Humphrey August Mijnals (21 December 1930 – 27 July 2019) was a footballer who played international football for both the Netherlands and Suriname.

Career
Mijnals began his career with the Surinamese football club S.V. Robinhood in the 1950s, where he was one of the stars of the team and won four national titles. Then he played for six months for América Futebol Clube (PE) in Brazil. After this he returned to Suriname. Following his transfer in 1956 to Utrecht club USV Elinkwijk, he received a signing-on fee of $15,000 while his club received a transfer fee of 3000 guilders. The club contracted four more Surinamese footballers; his brother Frank Mijnals, Erwin Sparendam, Michel Kruin and Charley Marbach, collectively known as the "five-leaf clover". He was then transferred to VV DOS, remaining in Utrecht.

He debuted in the Netherlands national football team on 3 April 1960 in a home match against Bulgaria. Mijnals, nicknamed Minna, is best known for clearing a Bulgarian attempt on goal with an overhead kick.

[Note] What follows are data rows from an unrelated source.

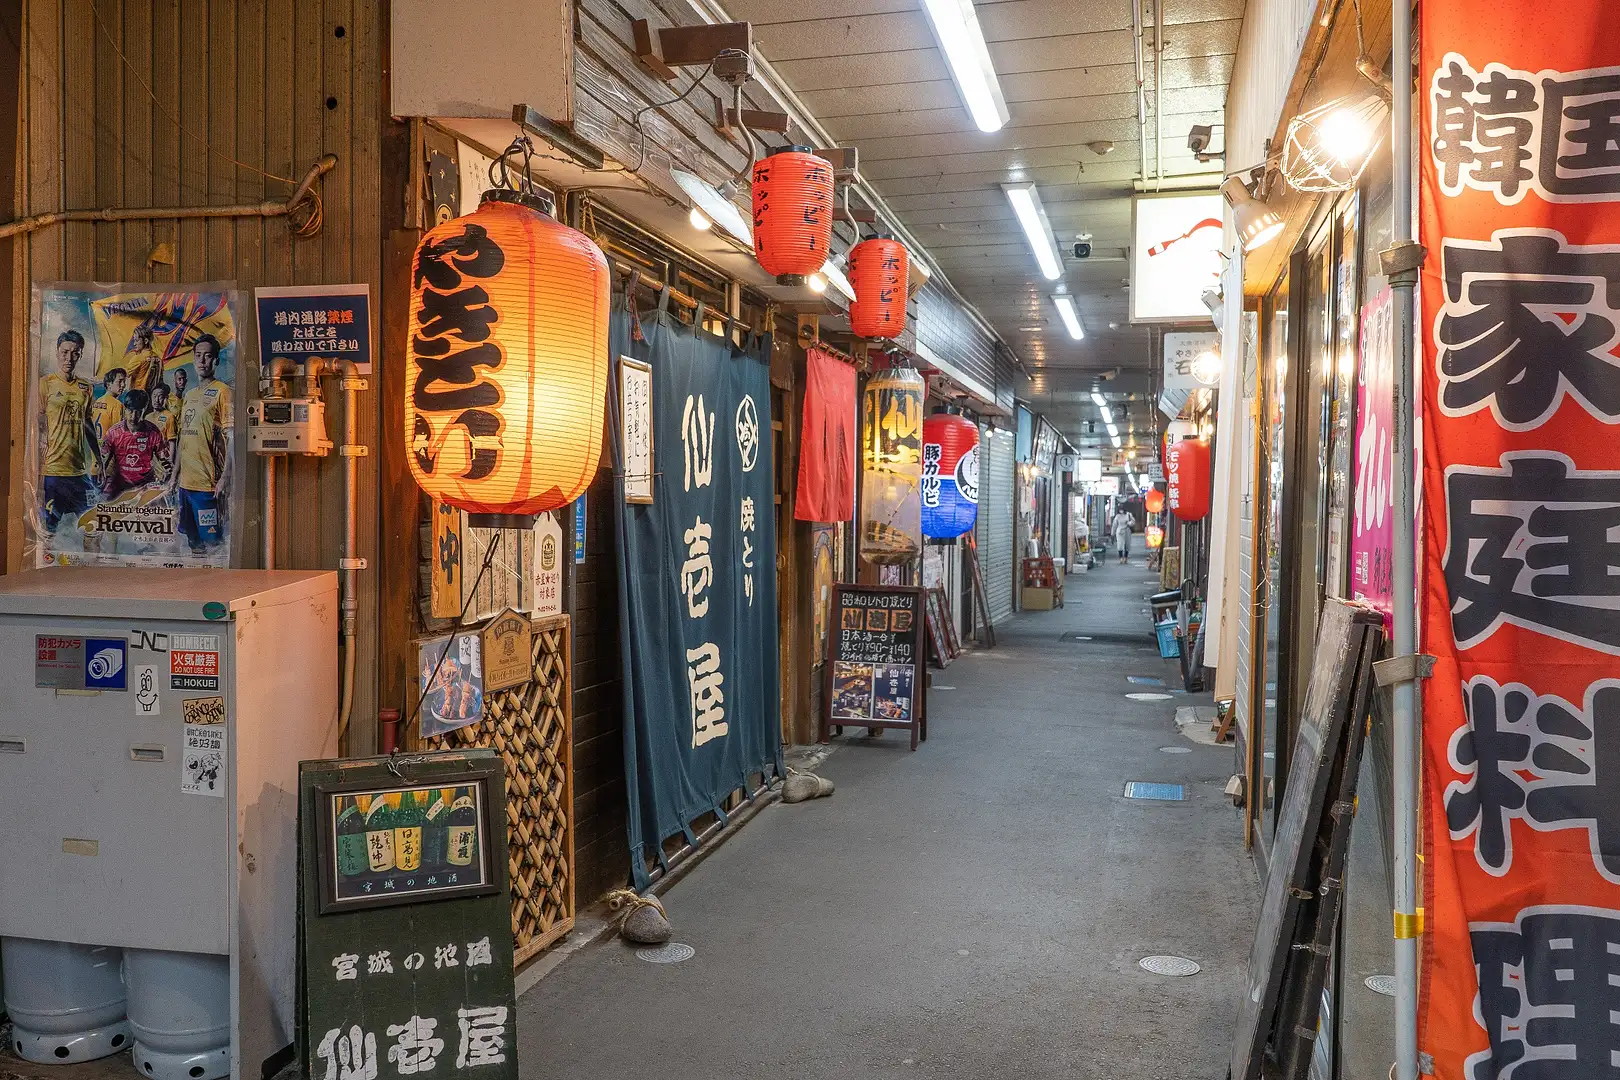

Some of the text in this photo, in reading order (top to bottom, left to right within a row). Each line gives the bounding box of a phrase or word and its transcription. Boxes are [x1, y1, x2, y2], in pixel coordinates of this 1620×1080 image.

[1432, 52, 1620, 205] 韓国
[803, 167, 826, 251] ホッピー
[880, 255, 900, 322] ホッピー
[274, 309, 354, 326] 場内通路禁煙
[292, 326, 338, 339] たばこを
[271, 339, 359, 353] 吸わないで下さい
[411, 223, 506, 480] やきとり
[924, 445, 941, 506] 豚カルビ
[135, 506, 175, 517] together
[96, 514, 174, 535] Revival
[38, 637, 82, 650] 防犯カメラ
[173, 653, 216, 667] 火気厳禁
[1435, 228, 1620, 1080] 家庭料理
[204, 667, 215, 675] FIRE
[183, 678, 217, 688] HOKUEI
[362, 873, 457, 893] 宮城の地酒
[331, 936, 492, 981] 宮城の地酒
[316, 1004, 508, 1080] 仙壱屋
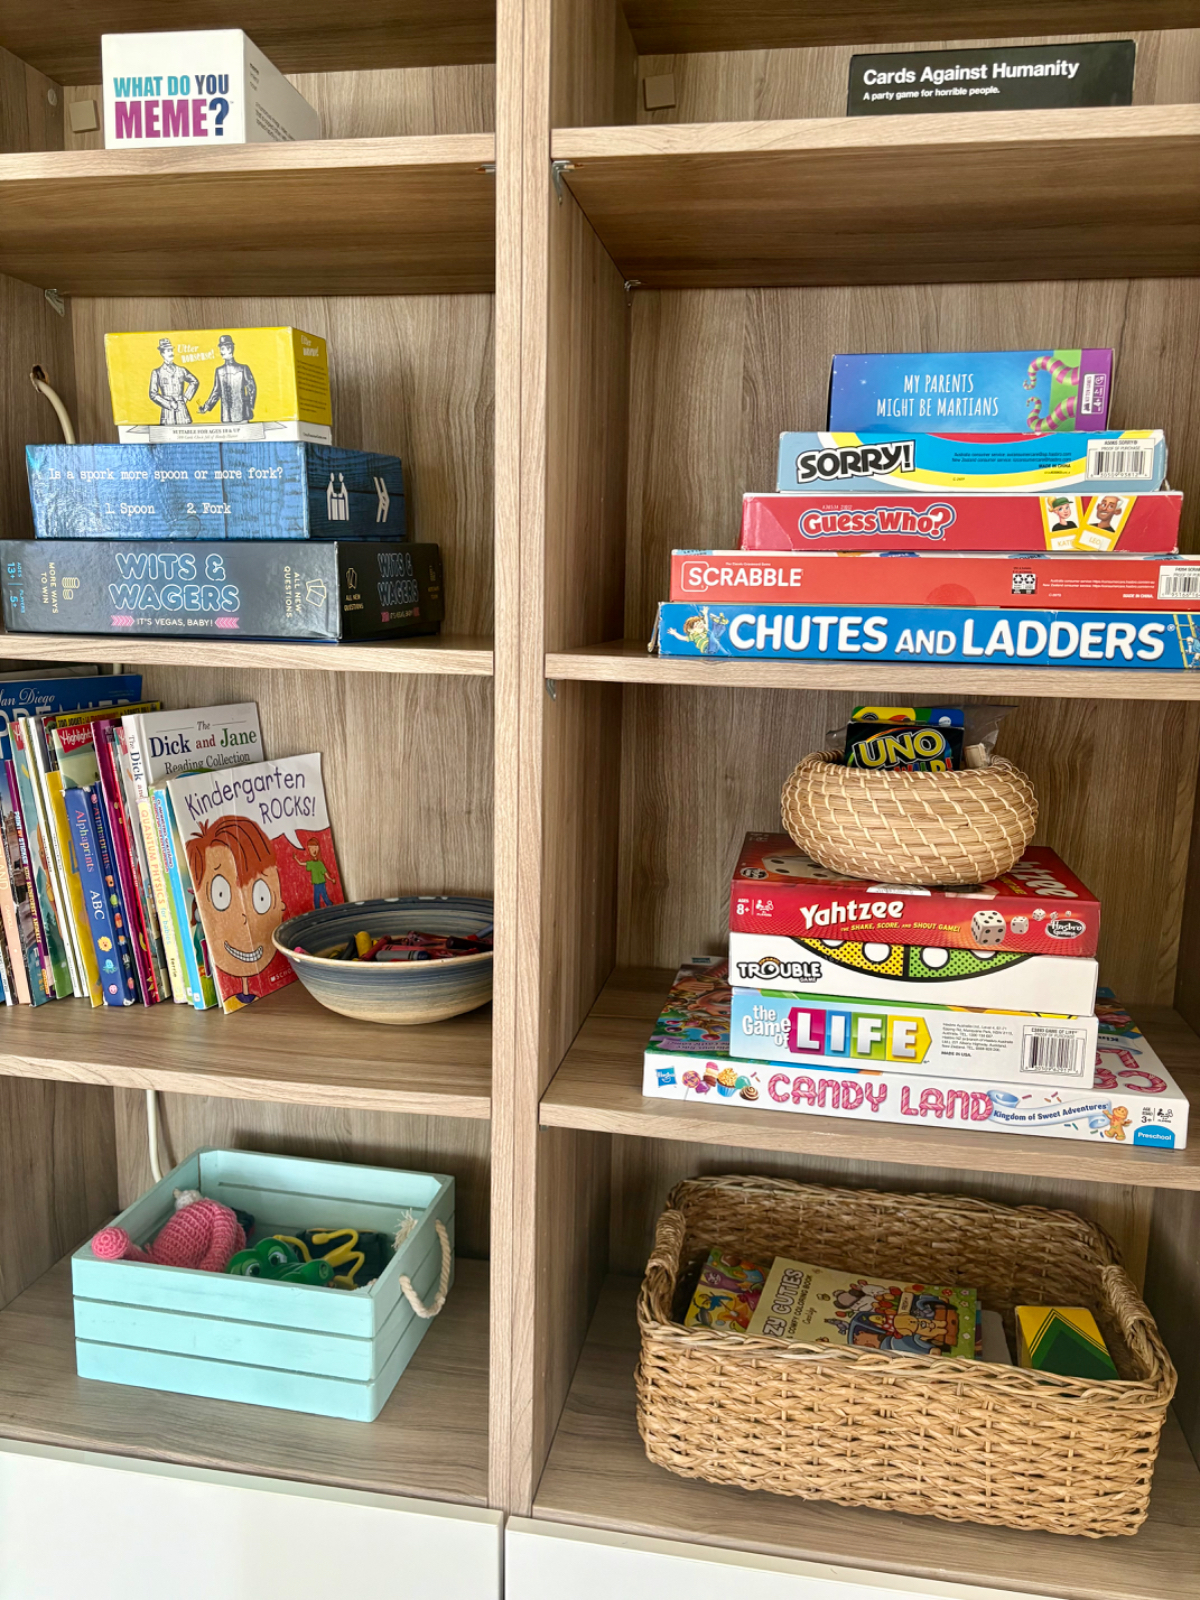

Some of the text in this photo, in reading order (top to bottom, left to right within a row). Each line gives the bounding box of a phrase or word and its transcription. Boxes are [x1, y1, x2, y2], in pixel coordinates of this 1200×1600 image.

In total, Mijnals played just three matches for the Netherlands, including a match against Suriname, because he came into conflict with the KNVB. The conflict arose after a training trip to South and Central America; he complained about the game and selection policy to a journalist, which resulted in him being placed on the list of unwanted players by the association.

Mijnals also played 45 times in the Suriname national football team. In 1999, he was elected Surinamese footballer of the century. On 24 August 2008, Mijnals also received Sports Medal of the city of Utrecht.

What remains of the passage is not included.